Einstein’s Theory on Work Comp Outcome
Over the last decade, I have been fortunate to grow a physical therapy company that has provided hundreds of thousands of workers’ compensation visits. I have learned a great deal about the good, the bad and the ugly in our industry during this time. One lesson is most significant: The term “outcome” is among the most misused and misapplied phrases in workers’ compensation. Very few consultants, intermediaries and “experts” actually assess the value of their provider networks because they lack the ability to truly define an outcome.
A Lesson From Einstein
In 1905, Albert Einstein articulated the theory of relativity, including what must be the most recognizable formula in history: E = MC-squared. This theory has stood the test of time as an accurate reflection of the relationship between energy and mass. Similarly, in workers’ compensation, we have utilized a formula to allegedly explain the “theory of outcomes” as the relationship between cost and clinical performance. The problem is that our equation for outcomes is incomplete and inaccurate.
Ask your intermediary how they rank healthcare providers.
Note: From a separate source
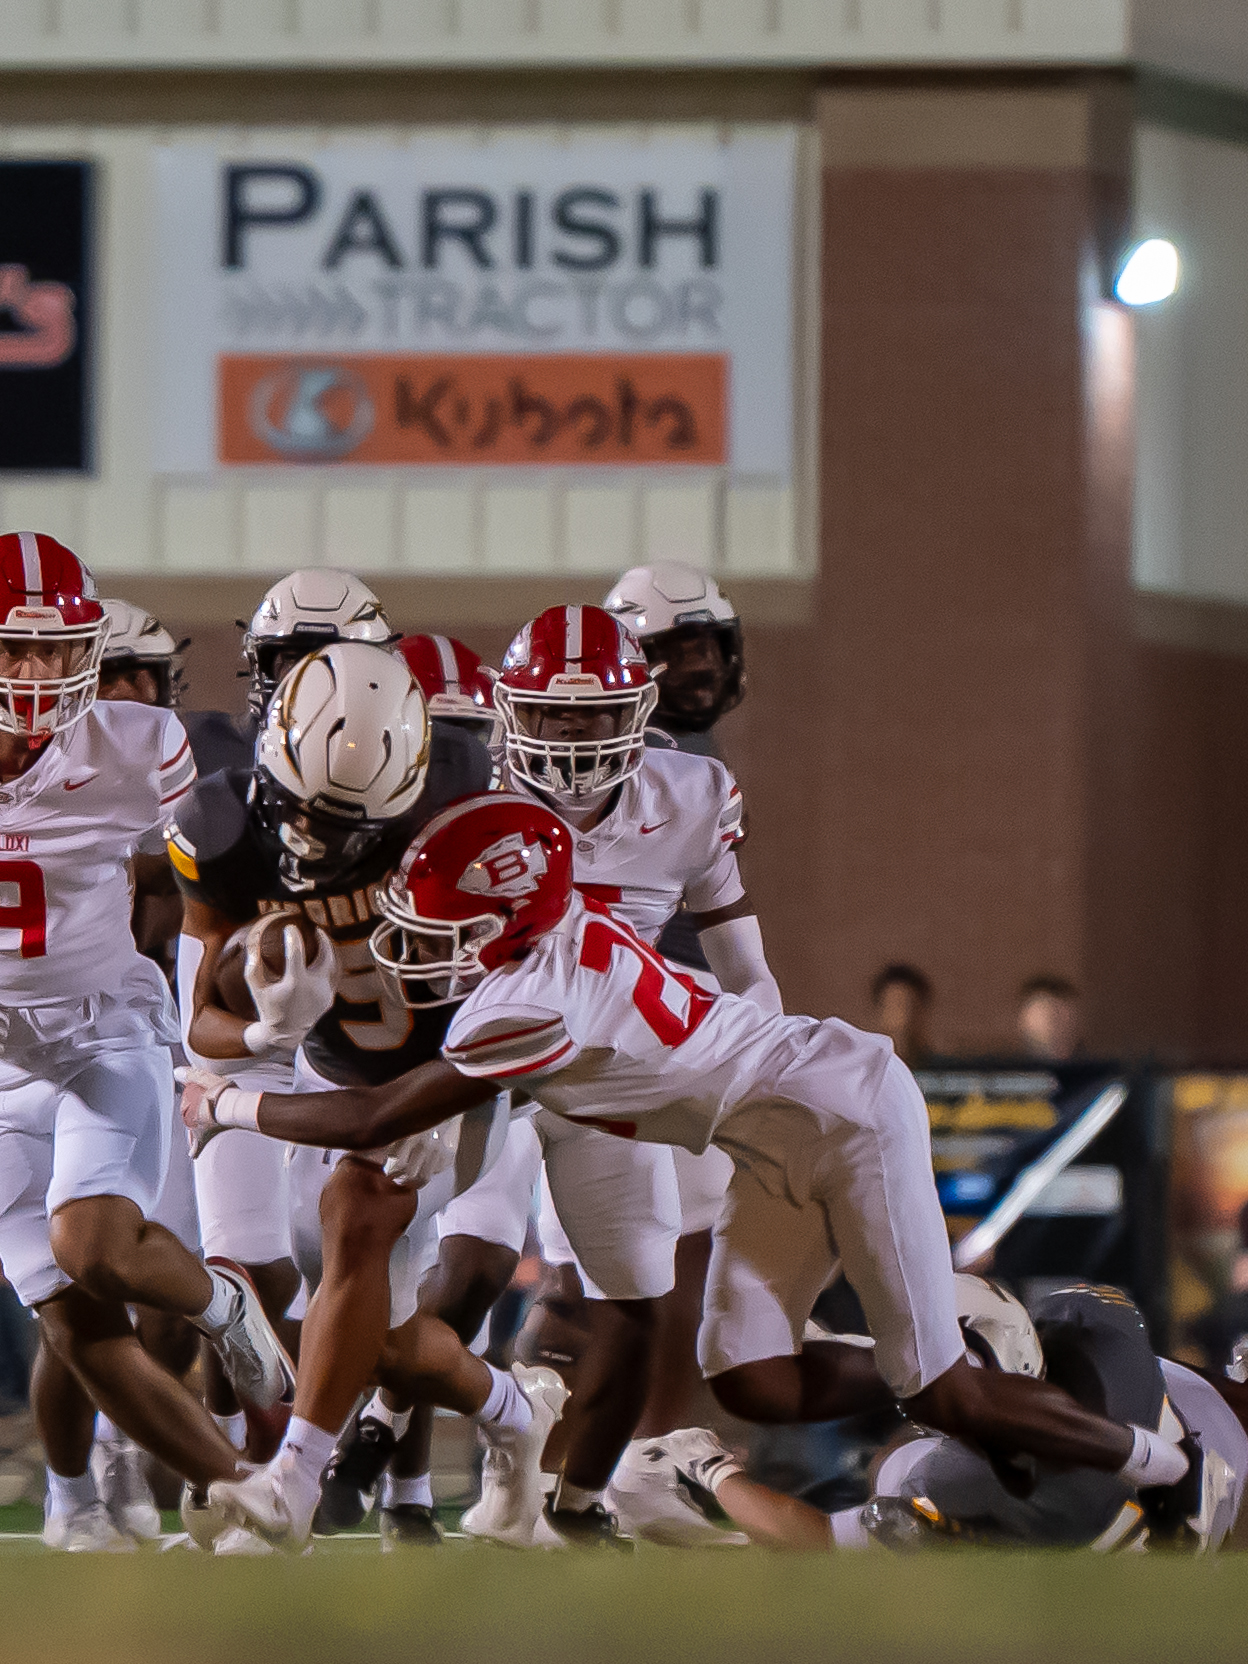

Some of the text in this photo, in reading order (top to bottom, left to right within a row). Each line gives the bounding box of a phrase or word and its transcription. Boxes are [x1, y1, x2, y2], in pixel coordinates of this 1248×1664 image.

Inevitably, most will articulate some iteration of:
Outcomes = Price x Utilization
Or, O = PU (ironic when you say it out loud). But this is a false promise. This formula uses data derived only from claims and has no capacity to reflect the quality of the clinical performance. An effective definition of outcome incorporates price and incorporates utilization but must balance that analysis with an understanding of functional improvement. Without incorporating functional improvement into the equation, you have a useless collection of letters and numbers masquerading as a mechanism for transparency and clarity. O = PU is to the “theory of outcomes” what E = C-squared would be to the theory of relativity – partially expressed and therefore completely wrong.